かなり広い定義づけだけど、一般的にはダウン症とかトリソミー18とかの染色体異常を持った子かどうかを知りたいがために受ける検査と考える人が多いと思う。
羊水検査とか絨毛検査とかの危険な検査のイメージがあるけど、最近では無侵襲的出生前遺伝学的検査(non-invasive prenatal testing: NIPT)とかいって母体の血液検査だけである程度わかるらしい。費用は20万くらいするんだとか。高い!
日本産婦人科学会の見解としては「出生前に行われる遺伝学的検査および診断は,夫婦からの希望がある場合に実施する」とあり**、NIPTに関しては「医師は妊婦に対して安易に勧めるべきではない」***とまで言っている。

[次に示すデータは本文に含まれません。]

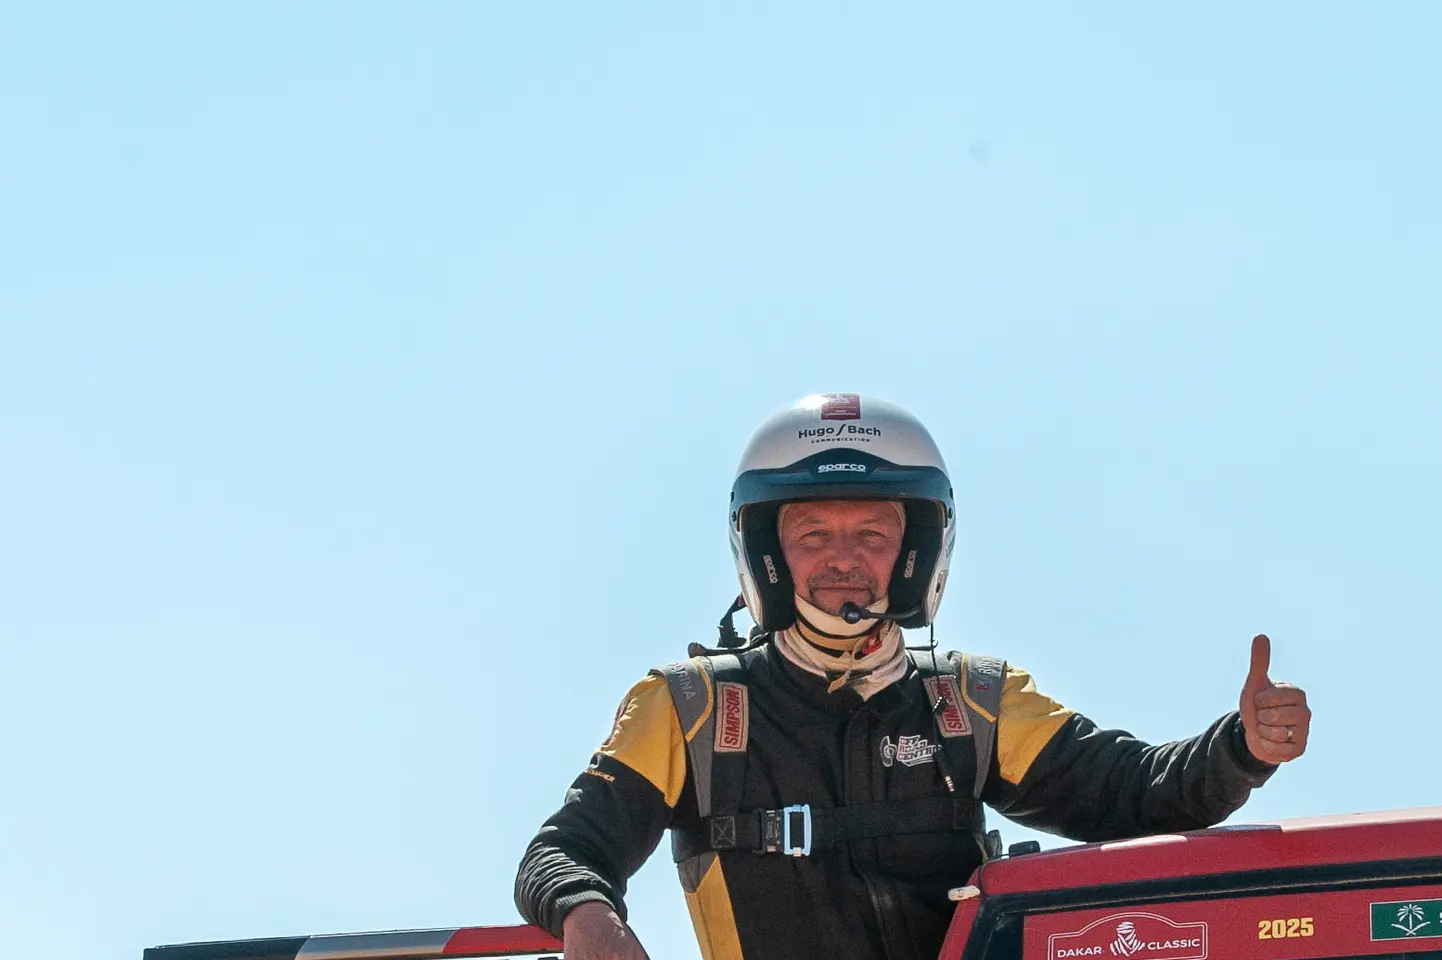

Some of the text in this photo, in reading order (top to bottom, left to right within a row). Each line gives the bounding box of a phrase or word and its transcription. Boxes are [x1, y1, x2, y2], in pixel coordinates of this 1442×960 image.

医師として勧める理由はない。いろんな問題があるし、染色体異常があるとわかっても医学的にはできることなんてないんだから。
多分、そういう意味なんだと思う。
医学的にはそんな検査は必要ない。でも患者は…
「染色体異常、確定者の97%が中絶」(日本経済新聞****)
その検査結果から重大な選択を迫られ、ほとんどの人が一つの決断に収束する。
いろんな考え方があると思う。
ボクたちも何度も話し合って、でも結局はっきりした結論は出せませんでした。
ただボクたちは、NIPTで陽性だとしても確定診断のためには羊水検査が必要なこと、羊水検査は1/200の流産の可能性があること*、今まで散々低い確率に当たってしまったボクたちには1/200はぜんぜん低い確率に思えないこと。結局それだけを考えて、出生前診断を受けないことに決めました。
でももしおなかの子に染色体異常があったらなんて考えたくない、というのが本音でした。決断を迫られるのが怖いとも思いました。
みなさんはどう思われますか?
*のちにこの時を振り返って思ったことを、よもやま話「イラスト」に書いています。よろしければ合わせてご覧ください。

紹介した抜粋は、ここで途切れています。